In Living Color premiered in 1990, which means this year marks the 10th anniversary of the Wayans clan as comedy dynasty. And the family celebrated in the traditional way: with a brotherly flank attack on entertainment that reaffirmed the family as the Barrymores of badass laughs. While Shawn, 29, Marlon, 27, and head brother Keenen Ivory, 42, were slaying audiences with Scary Movie, Damon, 40, was teaming with Spike Lee for the satire Bamboozled. (Plus, the 2001 U.S. Comedy Arts Festival will include an In Living Color reunion.) It was an appropriate rebirth for these Manhattan-raised sons of a Jehovah’s Witness. (”Kinda like the preacher’s daughter turns out to be a ho — the preacher’s sons all became sick individuals,” reckons Marlon.)
The Wayans renaissance actually began in 1999 when the brothers persuaded Miramax’s Bob Weinstein that they could spoof the current crop of teen horror movies like Scream and I Know What You Did Last Summer. After bringing in Scary Movie, costarring Shawn and Marlon, for around $19 million, Keenen watched it hoot past its July competition with a $42.3 million opening weekend, and climb to a stunning $157 million — making it the largest opening ever for a film directed by an African American.

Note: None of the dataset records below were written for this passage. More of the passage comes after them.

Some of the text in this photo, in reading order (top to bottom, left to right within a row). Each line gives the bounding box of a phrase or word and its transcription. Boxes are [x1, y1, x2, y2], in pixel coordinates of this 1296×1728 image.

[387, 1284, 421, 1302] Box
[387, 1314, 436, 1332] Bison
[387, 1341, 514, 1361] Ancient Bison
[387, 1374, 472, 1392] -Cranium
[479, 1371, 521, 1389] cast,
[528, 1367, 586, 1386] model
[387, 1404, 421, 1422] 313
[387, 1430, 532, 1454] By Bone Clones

The box office blowout set the stage for Shawn and Marlon’s September turn hosting the MTV Video Music Awards, the most-watched cable entertainment show of the year and, according to Shawn, ”the hardest gig around — you just go out and ride the roller coaster.” In October, as Damon played an Ivy League-educated TV executive in Spike Lee’s flick, Marlon (to bookend his slapstick sidekick performance in Dungeons & Dragons) took a rewarding stretch into drama as a Coney Island drug addict in Darren Aronofsky’s corrosively brilliant Requiem for a Dream. ”It was like therapy,” he says. ”I cried about stuff that hurt me years before. It was great expression.”

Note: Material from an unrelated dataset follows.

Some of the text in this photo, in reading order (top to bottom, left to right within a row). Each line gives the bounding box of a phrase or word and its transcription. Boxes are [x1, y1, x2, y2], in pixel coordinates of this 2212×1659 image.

Not a moment too soon. The brothers are working full-time to get a Scary Movie 2 script in the can (”Blair Witch 2 bombed, so we can’t use that,” grumbles Marlon), and they’re also cowriting — and may supply voices for — Roaches, an animated comedy that Shawn promises “will definitely hold a mirror up to our society.” Now, that sounds like a really scary movie.